Restate word for word every entry that appears below, skipping its pictures.

**RECORDS FOR THIS TASK:**
____________

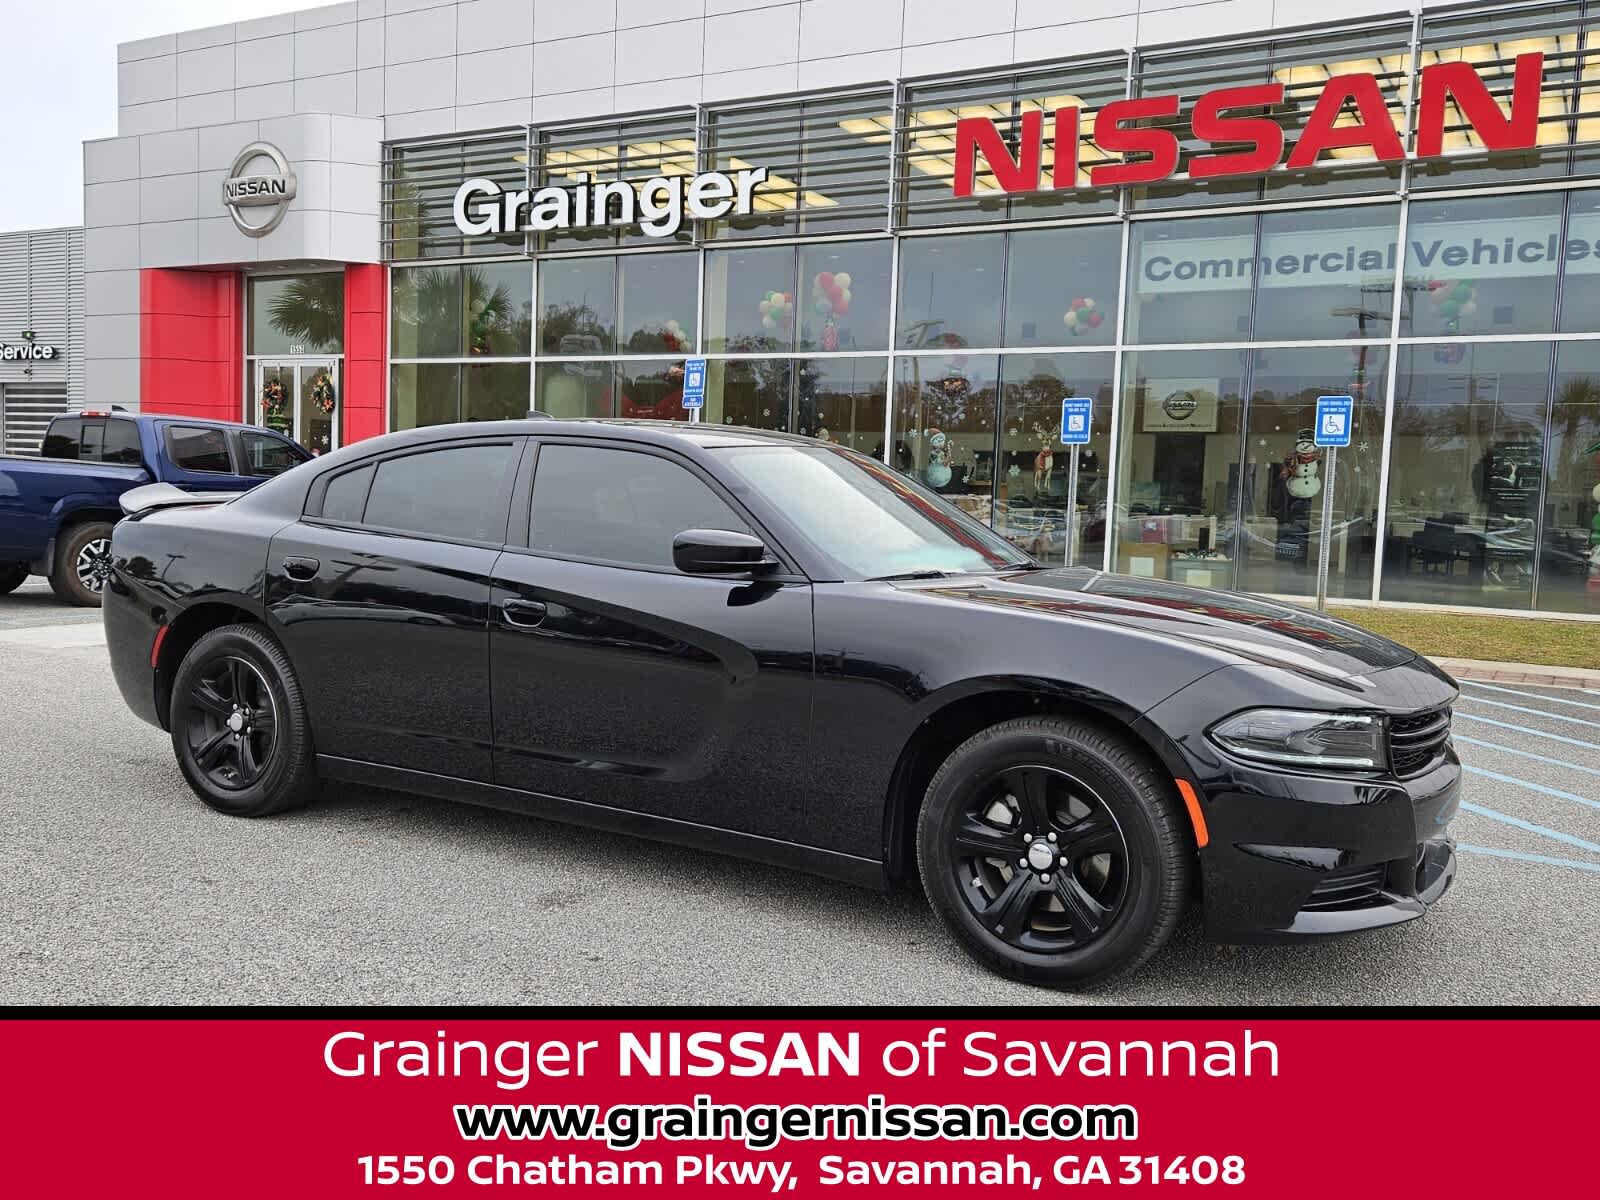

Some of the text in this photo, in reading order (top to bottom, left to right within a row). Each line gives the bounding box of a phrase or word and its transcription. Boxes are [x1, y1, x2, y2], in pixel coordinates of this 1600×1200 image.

[953, 51, 1544, 198] NISSAN
[226, 179, 286, 197] NISSAN
[453, 166, 768, 238] Grainger
[1144, 242, 1397, 282] Commercial
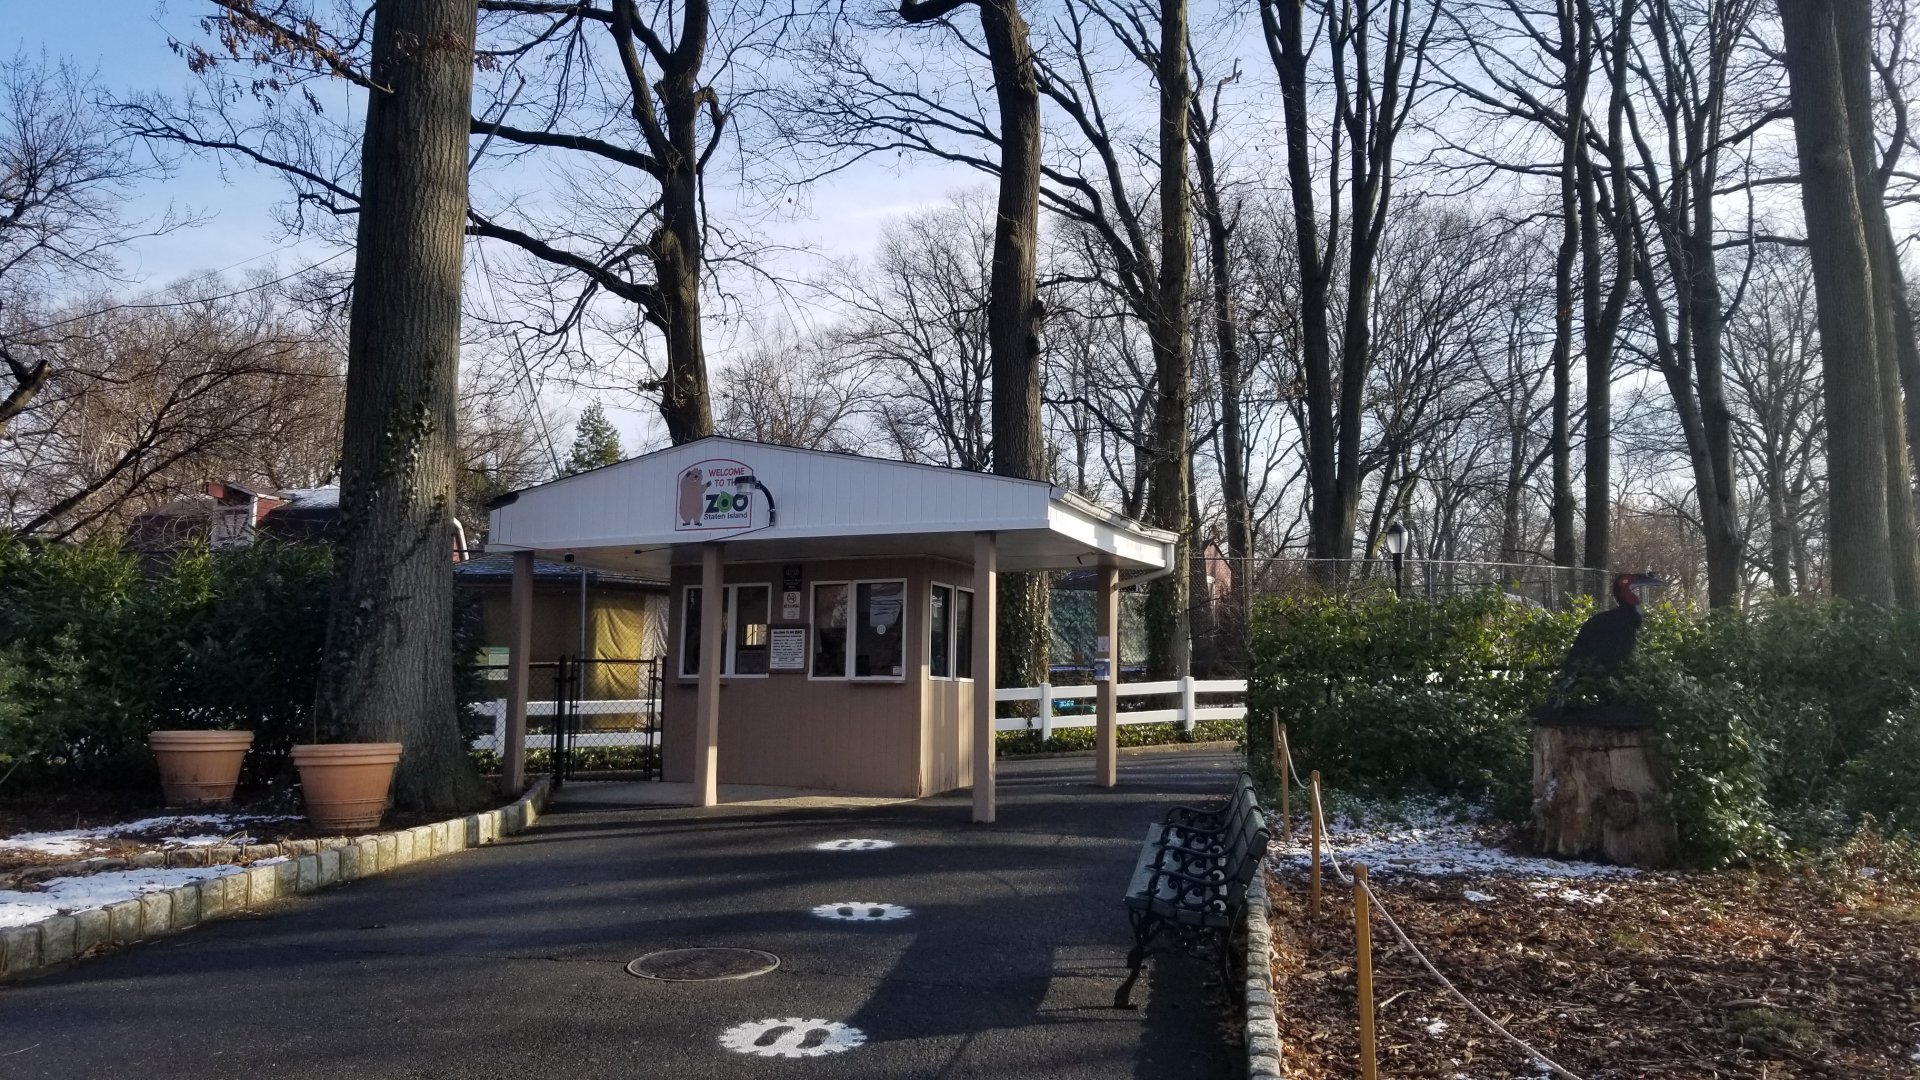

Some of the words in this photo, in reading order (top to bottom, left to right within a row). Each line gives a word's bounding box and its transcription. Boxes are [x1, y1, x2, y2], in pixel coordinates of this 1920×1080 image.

[709, 467, 744, 477] WELCOME
[714, 479, 724, 487] TO
[705, 491, 748, 513] ZOO
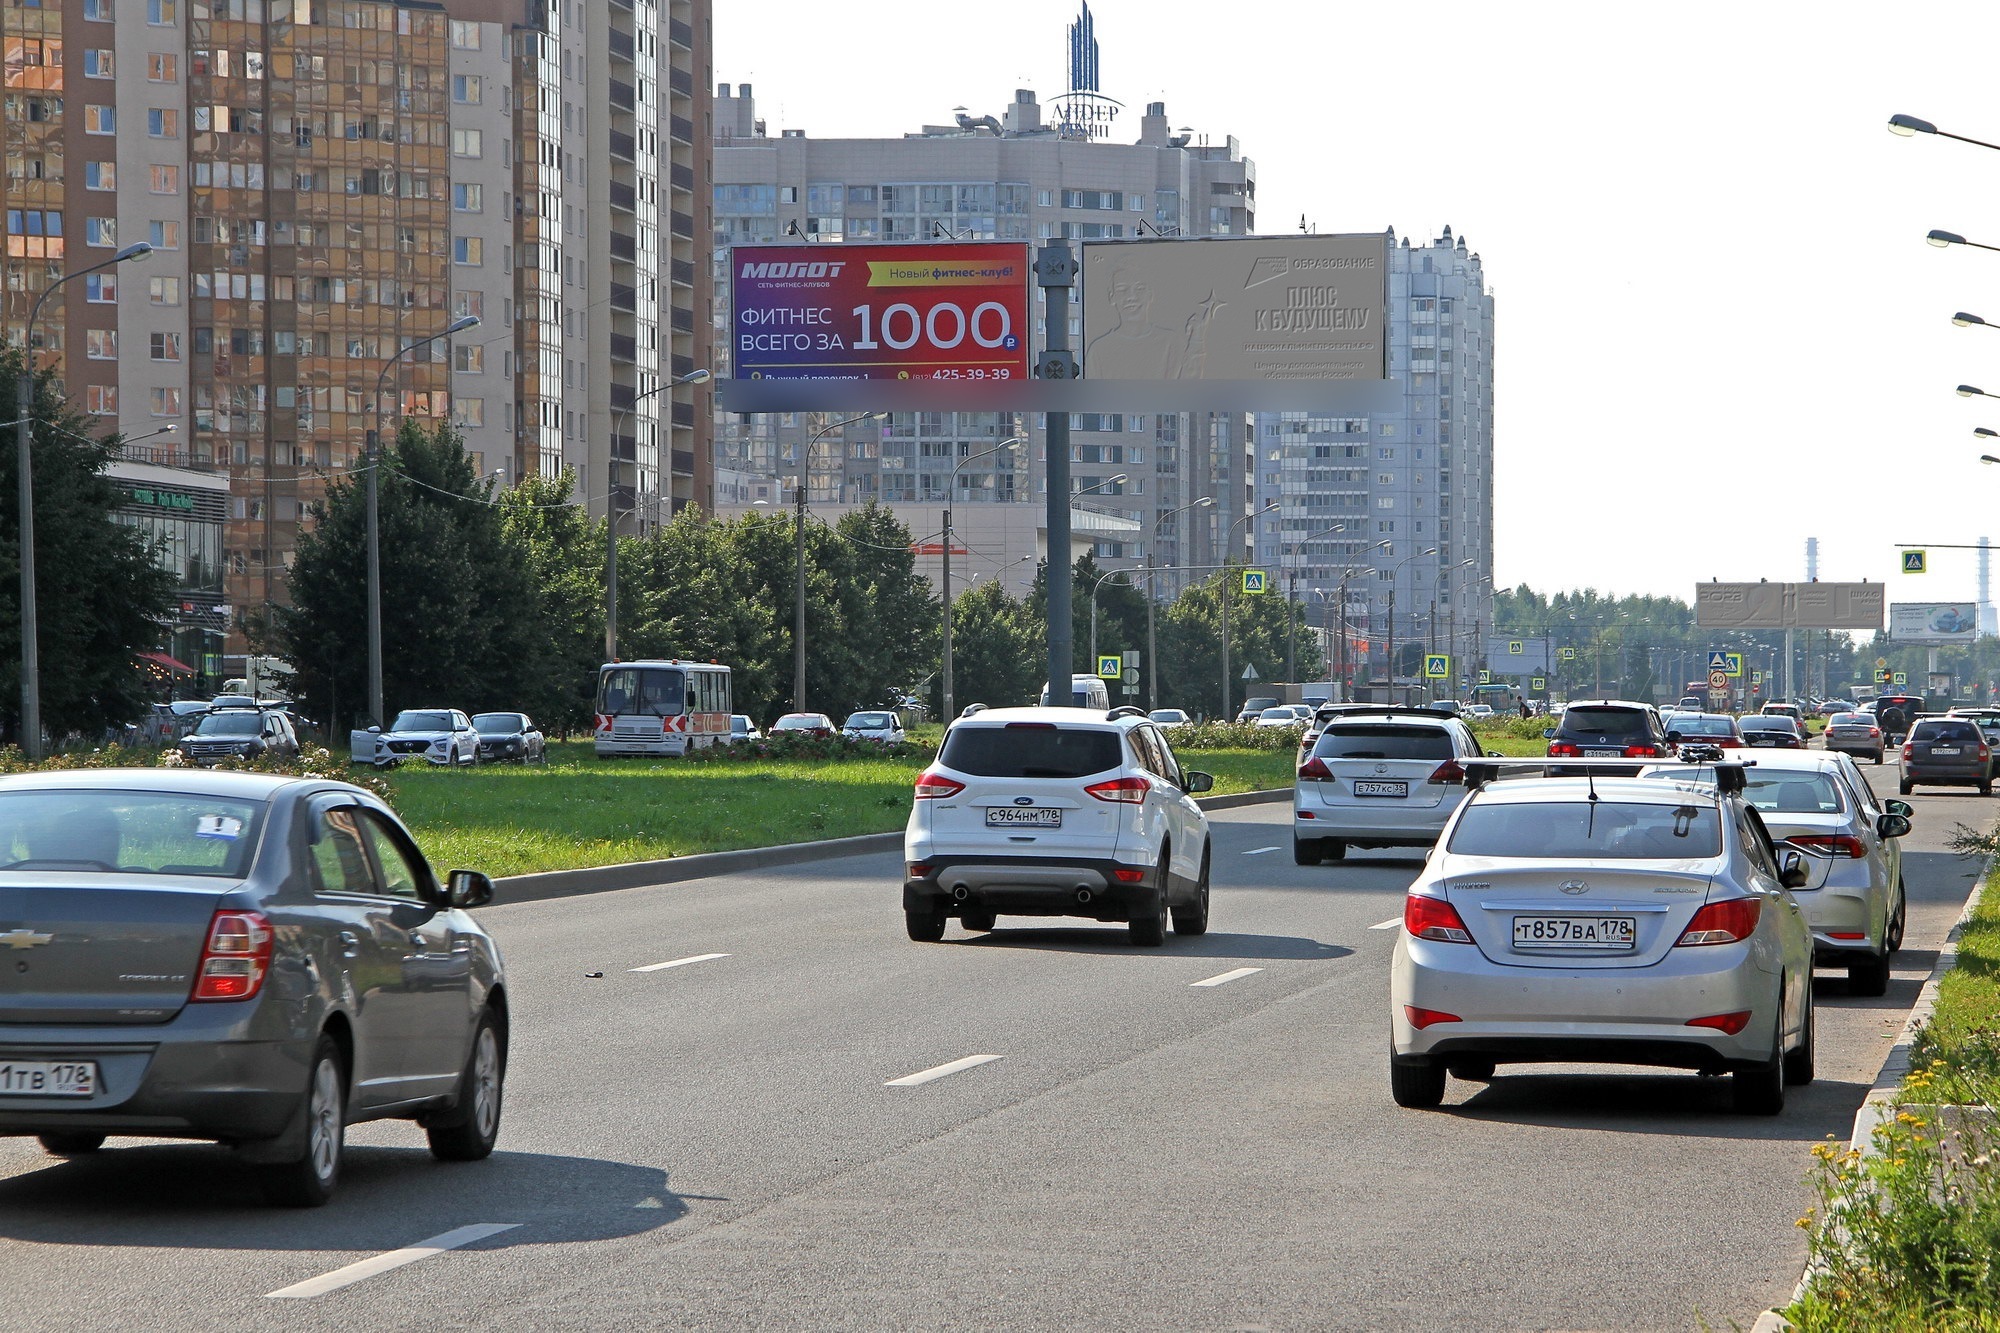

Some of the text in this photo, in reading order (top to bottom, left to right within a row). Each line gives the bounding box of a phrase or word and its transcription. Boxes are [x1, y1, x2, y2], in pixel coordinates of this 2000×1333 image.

[741, 262, 846, 278] МОЛОТ
[1293, 258, 1375, 269] ОБРАЗОВАНИЕ
[890, 266, 1013, 280] Новый фитнес-клуб!
[1286, 286, 1338, 308] ПЛЮС
[741, 307, 832, 325] ФИТНЕС
[1255, 308, 1370, 333] К БУДУЩЕМУ
[852, 302, 1010, 349] 1000
[741, 333, 844, 351] ВСЕГО ЗА
[932, 368, 1010, 380] 425-39-39
[1712, 675, 1724, 683] 40
[1040, 809, 1057, 819] 178
[1600, 920, 1628, 935] 178
[52, 1065, 87, 1083] 178

____________

**SOLVED PROBLEM:**
Some of the text in this photo, in reading order (top to bottom, left to right within a row). Each line gives the bounding box of a phrase or word and its transcription. Boxes are [x1, y1, x2, y2], in pixel coordinates of this 1600×1200 image.

[953, 51, 1544, 198] NISSAN
[226, 179, 286, 197] NISSAN
[453, 166, 768, 238] Grainger
[1144, 242, 1397, 282] Commercial

Some of the words in this photo, in reading order (top to bottom, left to right within a row). Each line gives a word's bounding box and its transcription. Boxes are [x1, y1, x2, y2], in pixel coordinates of this 1920×1080 image.

[709, 467, 744, 477] WELCOME
[714, 479, 724, 487] TO
[705, 491, 748, 513] ZOO

Some of the text in this photo, in reading order (top to bottom, left to right within a row). Each line gives the bounding box of a phrase or word and its transcription. Boxes are [x1, y1, x2, y2], in pixel coordinates of this 2000×1333 image.

[741, 262, 846, 278] МОЛОТ
[1293, 258, 1375, 269] ОБРАЗОВАНИЕ
[890, 266, 1013, 280] Новый фитнес-клуб!
[1286, 286, 1338, 308] ПЛЮС
[741, 307, 832, 325] ФИТНЕС
[1255, 308, 1370, 333] К БУДУЩЕМУ
[852, 302, 1010, 349] 1000
[741, 333, 844, 351] ВСЕГО ЗА
[932, 368, 1010, 380] 425-39-39
[1712, 675, 1724, 683] 40
[1040, 809, 1057, 819] 178
[1600, 920, 1628, 935] 178
[52, 1065, 87, 1083] 178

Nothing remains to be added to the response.